Chapter 1

755 119 21
                                    

Pagi hari. Samantha Feather turun ke dapur setelah selesai berpakaian. Hari itu hawa di dalam rumah keluarga Feather agak dingin. Mary Feather, ibu Sam, sedang menggoreng telur dadar untuk Tom dan Louise, satu lagi adik laki-laki Sam yang masih berumur dua setengah tahun.

"Pagi, Mom." Sam menguap.

"Kau mau sarapan apa?" tanya Mary. Rambut cokelatnya dikuncir asal-asalan. Ada lingkaran hitam di sekitar matanya.

"Biar aku saja. Tidakkah sebaiknya kau tidur?" bisik Sam sambil merebut penggorengan dari tangan Mary, "Jangan paksa dirimu, setidaknya biarkan aku membantu."

Sejak Samuel Feather, ayah Sam, meninggal tiga tahun yang lalu akibat serangan jantung, Mary harus menjadi tulang punggung keluarga. Dia menjahit baju pesanan langganannya. Terkadang jika tak sempat menyelesaikannya di siang hari, dia terpaksa bergadang. Untunglah kegiatan Mary banyak didukung oleh keluarga dan teman-temannya, sehingga kondisi ekonomi mereka tidak terlalu memprihatinkan. Karena itu, Sam bisa sedikit bernapas lega.

"Tidak. Aku tidak mau kau molor di kelas." kata Mary sambil meletakkan telur dadar dipiring Tom dan Lou.

Sam mengerang. Memikirkan harus ke Dartville High membuat perutnya melilit, "Oh, Mom. Bisakah aku membolos? Atau membantumu bekerja? Atau apa saja...?"

"Sudah berjuta kali kita membicarakan hal ini dan keputusanku tetap TIDAK. Cobalah untuk tidak memikirkan perkataan teman-temanmu tentang kau! Bukankah Dad selalu bilang padamu..."

"'Jadilah dirimu sendiri dan tak perlu malu tentang itu.'" Sam berbicara lambat-lambat dengan gaya bosan sambil memutar bola mata, "Bagaimana aku bisa 'menjadi diri sendiri' jika Kaum Paling terus-terusan menjadikan 'diri'ku sebagai objek penganiayaan? Sejak awal aku memang berada di rantai makanan terbawah, Mom."

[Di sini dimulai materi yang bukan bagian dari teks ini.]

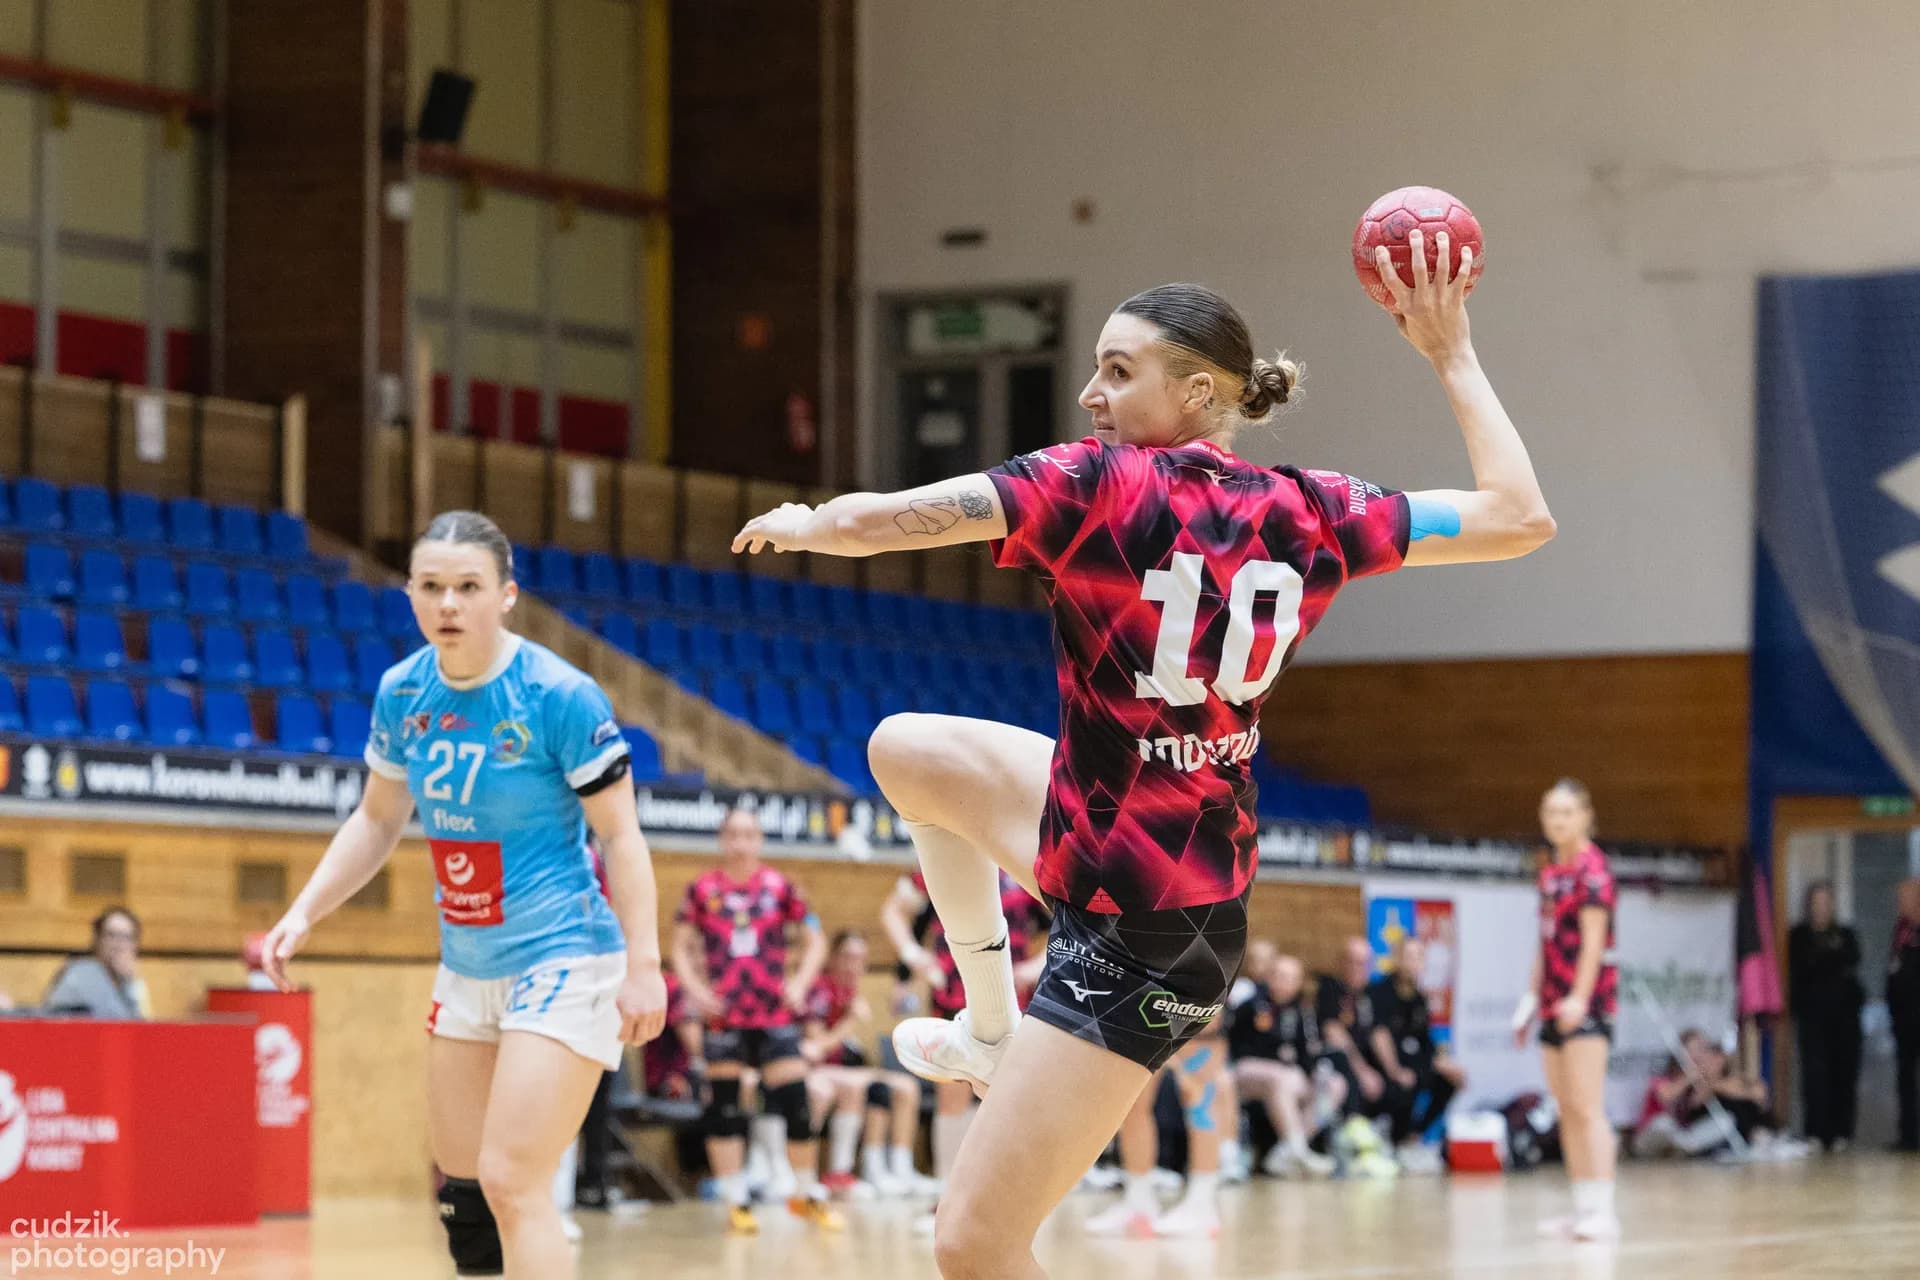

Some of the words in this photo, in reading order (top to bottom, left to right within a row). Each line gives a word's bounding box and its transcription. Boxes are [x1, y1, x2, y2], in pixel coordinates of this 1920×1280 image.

[1135, 551, 1304, 706] 10
[424, 740, 487, 806] 27
[433, 808, 477, 833] flex
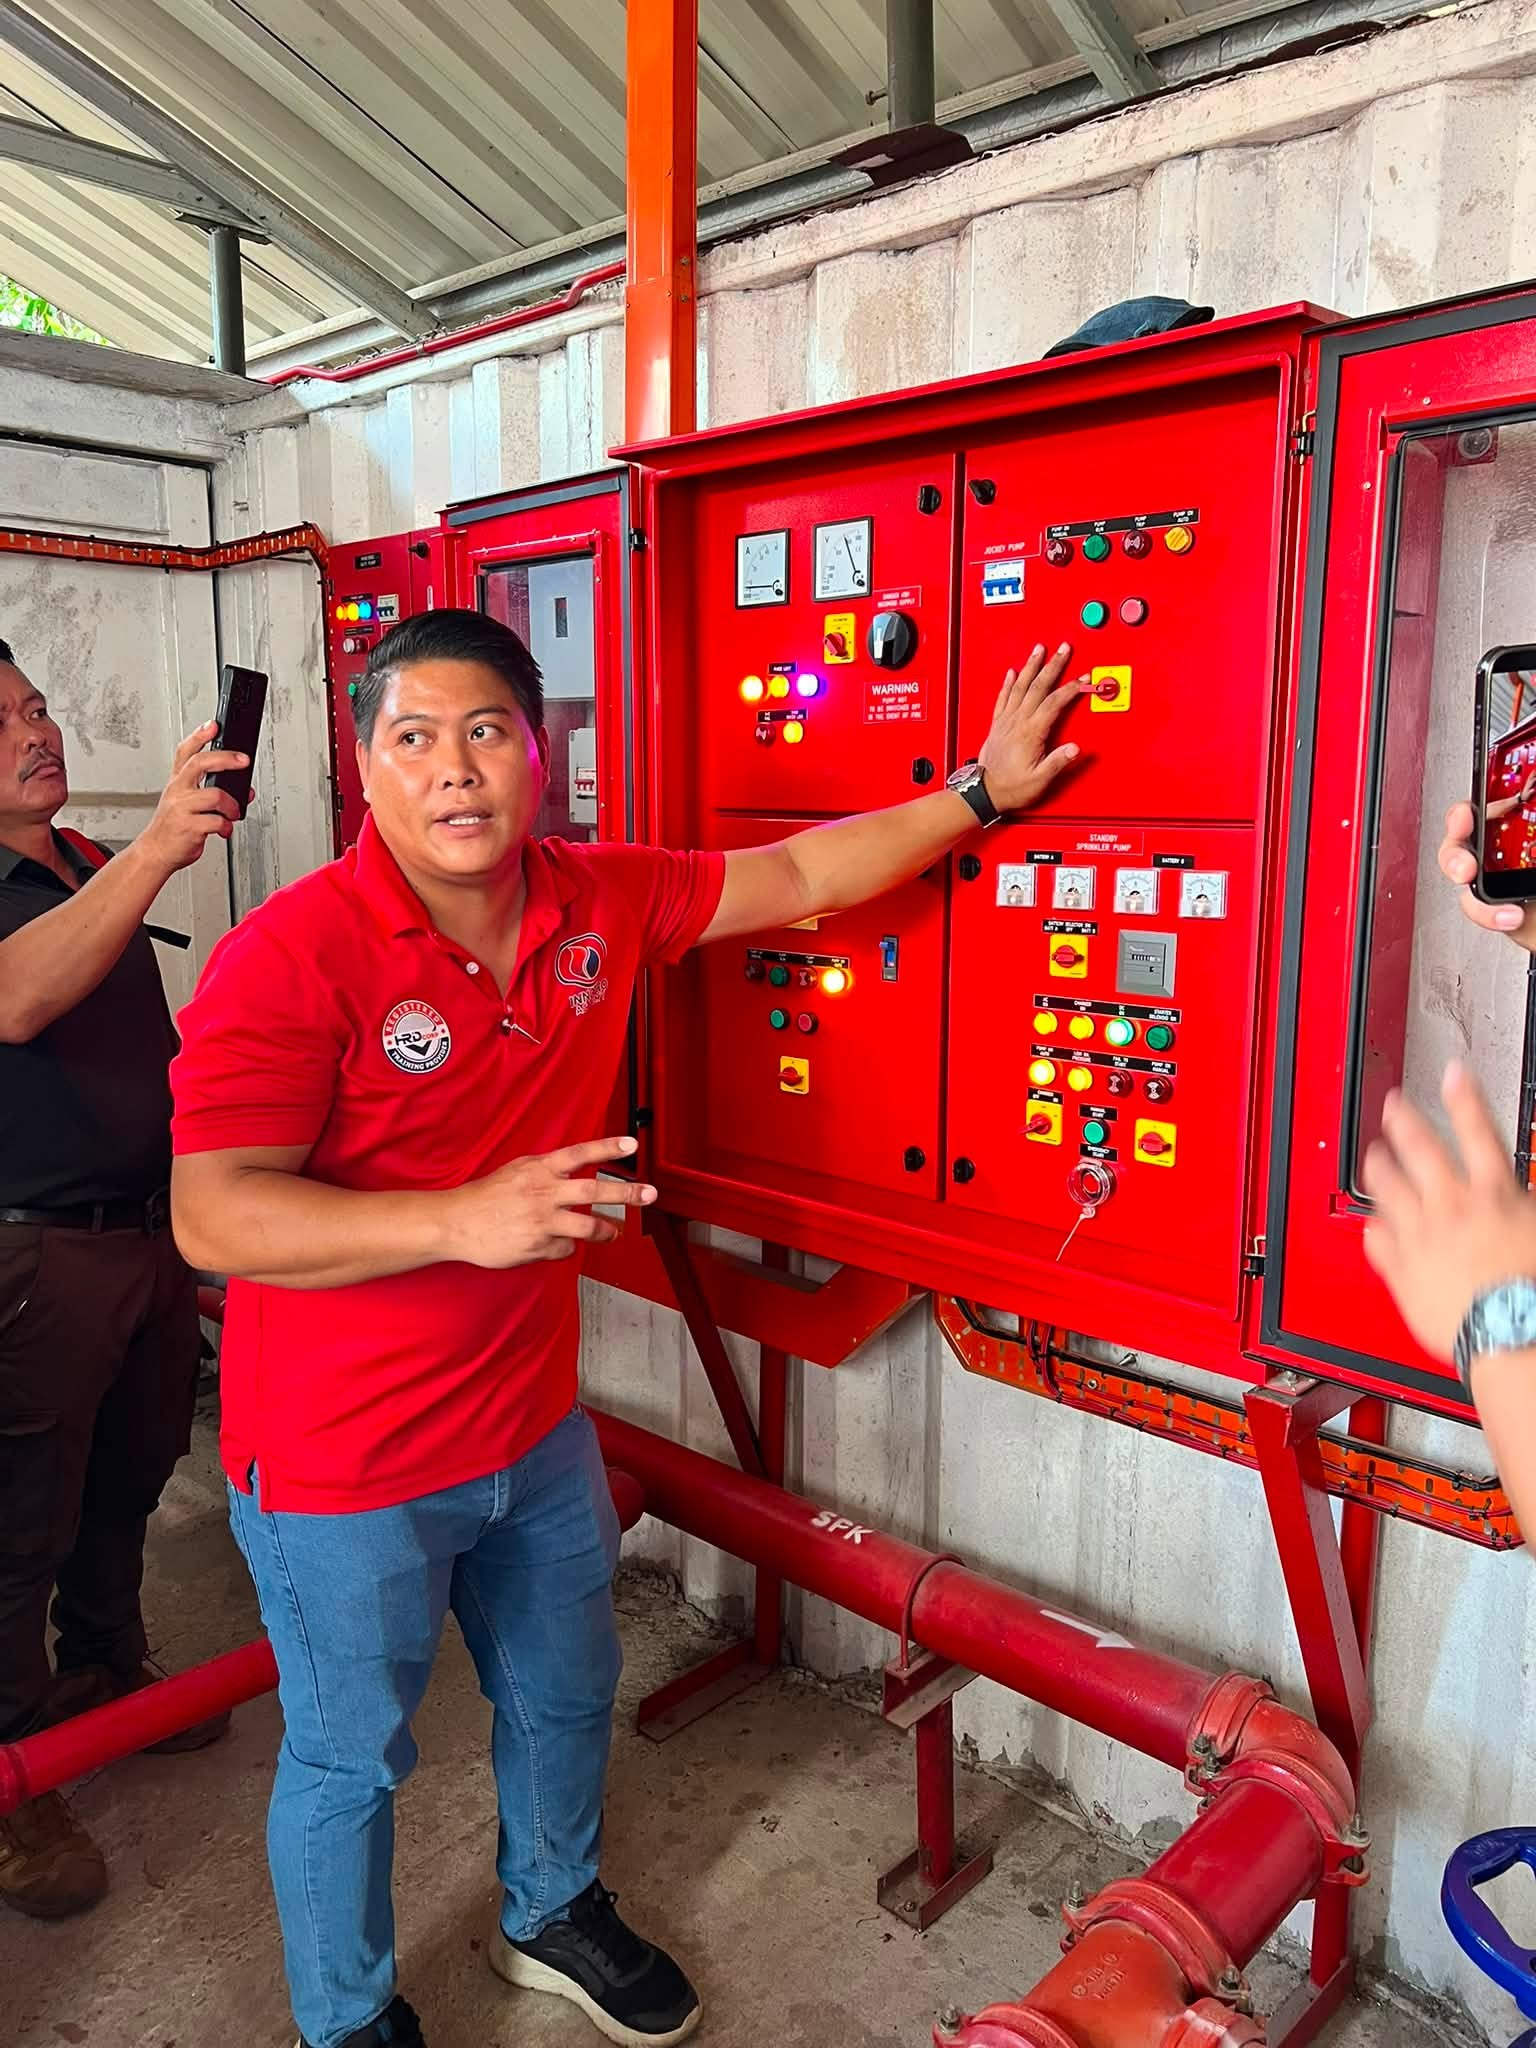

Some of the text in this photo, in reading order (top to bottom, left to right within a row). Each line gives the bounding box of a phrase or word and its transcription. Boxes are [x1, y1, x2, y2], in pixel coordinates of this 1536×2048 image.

[824, 535, 831, 543] V
[745, 546, 751, 555] A
[984, 541, 1025, 555] JOCKEY PUMP
[872, 681, 919, 696] WARNING
[1089, 833, 1118, 842] STANDBY
[1076, 843, 1132, 852] SPRINKLER PUMP
[385, 1002, 440, 1033] REGISTERED
[394, 1031, 422, 1046] HRD
[391, 1040, 448, 1070] TRAINING PROVIDER
[810, 1511, 874, 1545] SPK

"Siapa sih 'Kaum Paling' ini? Teman-temanmu?"

Sam mendengus, "Aku bahkan nggak tahu apa mereka itu menganggapku ada."

Mary menaruh sodetnya dan menatap Sam lurus, "Dengarkan aku baik-baik. Aku tahu kau kuat. Kau bisa menghadapi mereka. Sekarang Dad sudah tiada dan kesalahankulah kalian bertiga hidup... well, miskin. Aku tak ingin kau jadi sepertiku nantinya. Aku tidak kuliah, tapi kau...."

Dia berhenti sebentar untuk menarik napas.

"Kau harus lulus dari sekolahmu dan masuk universitas."

"Kuliah?" mata Sam membelalak kaget.

"Tentu saja!"

"Tapi..." Sam terbata-bata ,"...biayanya?"

"Kau pintar. Percayalah padaku, beasiswa bukan hal yang tidak mungkin bagimu. Sementara itu, berhenti mengeluh dan godok otakmu!"

"Mom, nada suaramu meninggi." Tom menyeletuk mengingatkan.

"Oh, maaf guys." sahut Mary salah tingkah, "Jadi." dia memelankan suaranya, "Ambil tasmu dan bersiaplah ke sekolah."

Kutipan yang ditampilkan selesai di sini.